Этот Вулике был страшный человек. Должность директора он занял в 1871 году, после смерти того веселого и благодушного старика, под чьим началом учились отец и дядя Ганно. В прошлом учитель прусской гимназии, он внес другой, новый дух в старую школу. Там, где некогда классическое образование считалось отрадной самоцелью, к которой ученики шли спокойно, неторопливо, с открытым сердцем, теперь превыше всего ставились такие понятия, как авторитет, долг, сила, служба, карьера, а «категорический императив нашего философа Канта» стал знаменем, которым доктор Вулике грозно потрясал в каждой своей торжественной речи. Школа была теперь государством в государстве; прусская субординация воцарилась в ней так полновластно, что не только учителя, но и ученики чувствовали себя чиновниками и заботились лишь о продвижении по службе да о том, чтобы быть на хорошем счету у начальства.
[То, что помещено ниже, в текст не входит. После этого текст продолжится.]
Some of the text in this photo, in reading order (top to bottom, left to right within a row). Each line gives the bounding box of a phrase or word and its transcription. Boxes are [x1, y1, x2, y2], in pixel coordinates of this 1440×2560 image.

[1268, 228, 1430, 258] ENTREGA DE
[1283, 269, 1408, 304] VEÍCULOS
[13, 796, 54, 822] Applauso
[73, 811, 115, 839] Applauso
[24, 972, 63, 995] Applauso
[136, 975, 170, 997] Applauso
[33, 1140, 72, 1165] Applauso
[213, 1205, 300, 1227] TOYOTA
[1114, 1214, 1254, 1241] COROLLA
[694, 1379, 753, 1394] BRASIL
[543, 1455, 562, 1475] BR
Вскоре после прихода нового директора началась перестройка здания в соответствии с требованиями гигиены и новейших представлений о красоте, благополучно завершившаяся в положенный срок. Но не исключено, что в прежние времена, когда в стенах школы было меньше современного комфорта и больше добродушия, уюта, веселья, доброжелательства, товарищеских отношений, она была учреждением куда более симпатичным и полезным.
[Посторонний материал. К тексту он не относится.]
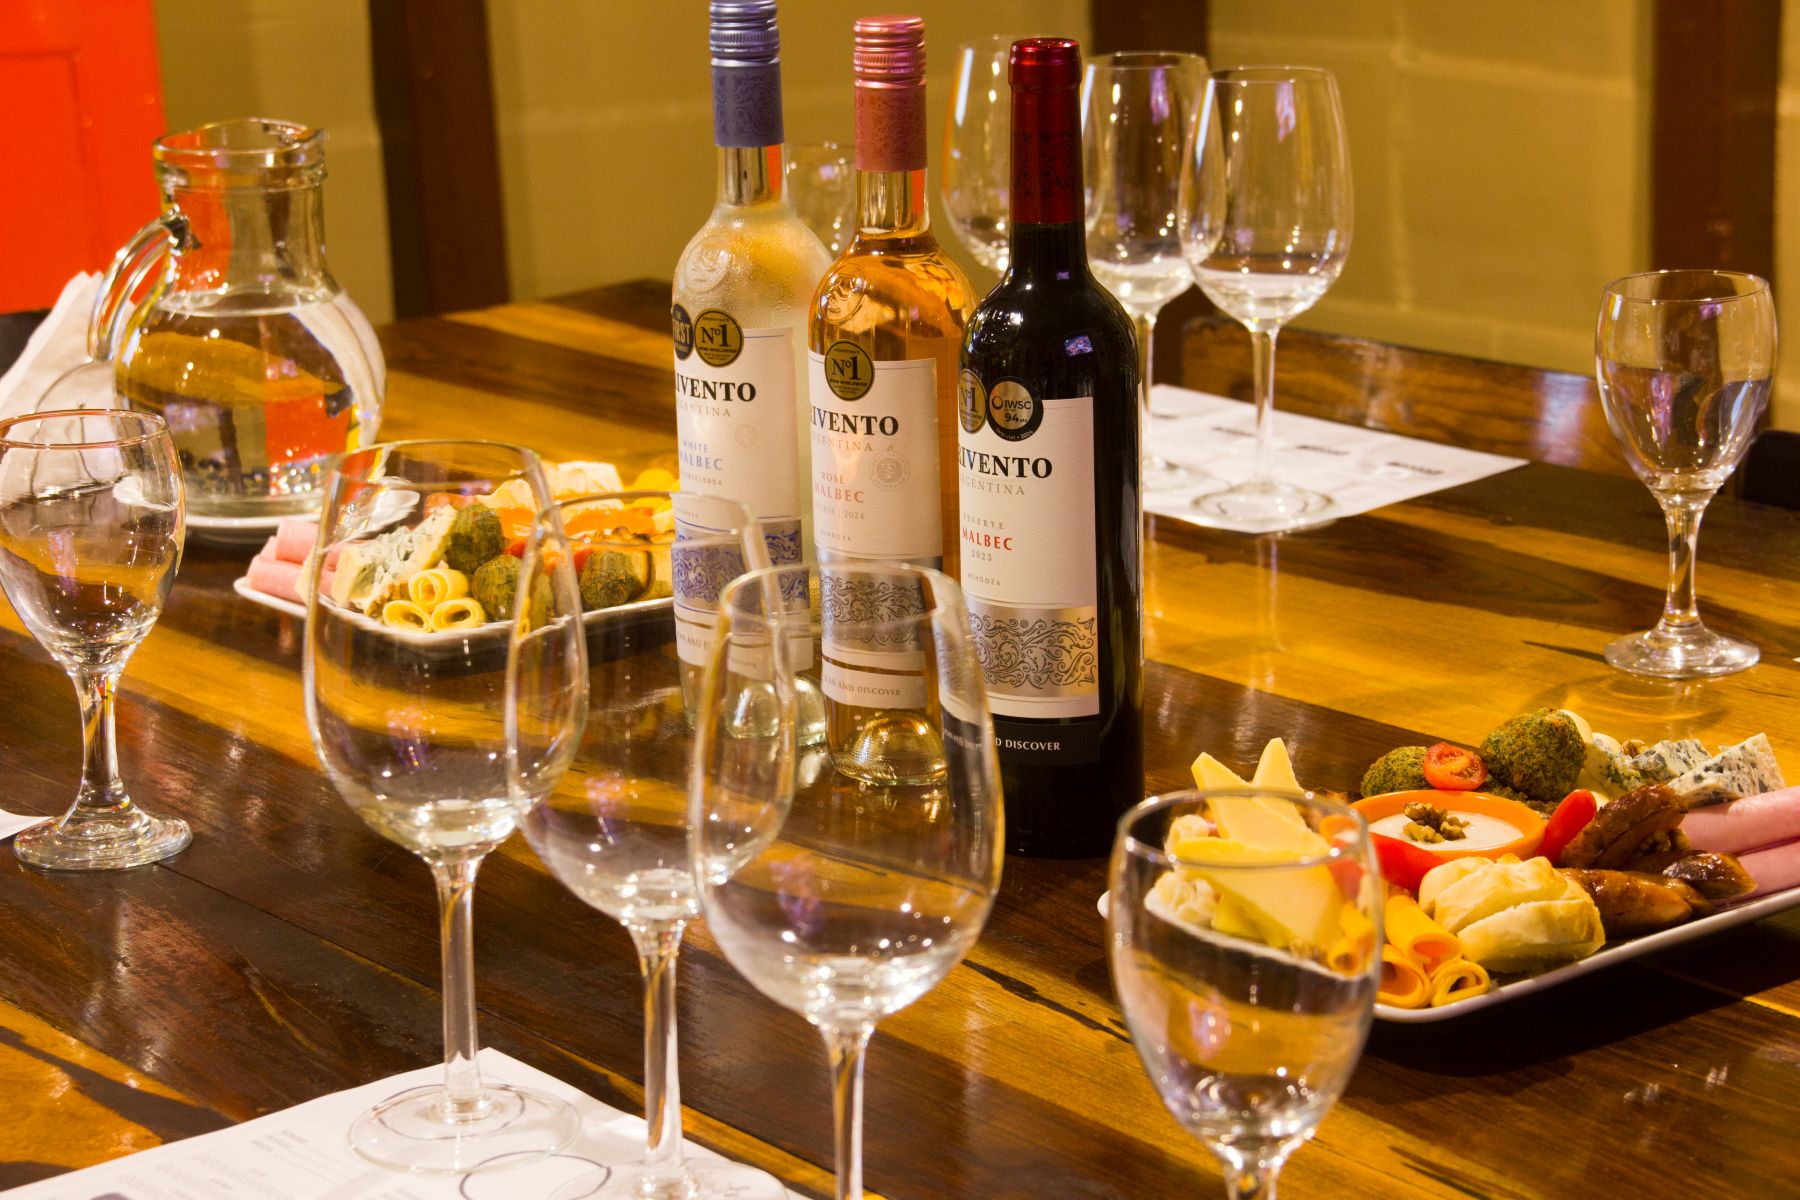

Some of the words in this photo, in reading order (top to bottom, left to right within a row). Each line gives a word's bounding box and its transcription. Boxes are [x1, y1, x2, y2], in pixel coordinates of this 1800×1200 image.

[677, 373, 756, 402] IVENTO
[1004, 399, 1032, 410] IWSC
[812, 405, 899, 436] IVENTO
[815, 481, 864, 504] MALBEC
[844, 510, 865, 520] 2024
[963, 527, 1013, 551] MALBEC
[971, 549, 992, 562] 2023
[858, 686, 901, 697] DISCOVER
[1005, 739, 1060, 751] DISCOVER
Что касается личности директора Вулике, то в ней было что-то от загадочности, двусмысленности и упорной, ревнивой беспощадности ветхозаветного бога. Его улыбка была так же страшна, как и его гнев. Безграничная власть, которой он был облечен, сделала его до ужаса взбалмошным и неучтивым. Он мог шутить и, если его шутка вызывала смех, тут же превратиться в разъяренное чудовище. Ни один из его вечно трепетавших подопечных не знал, как ему следует держать себя. Оставалось только чтить г-на Вулике, пресмыкаться перед ним во прахе и путем безумных унижений ограждать себя от опасности, подпав под его гнев, быть стертым в порошок его великой справедливостью.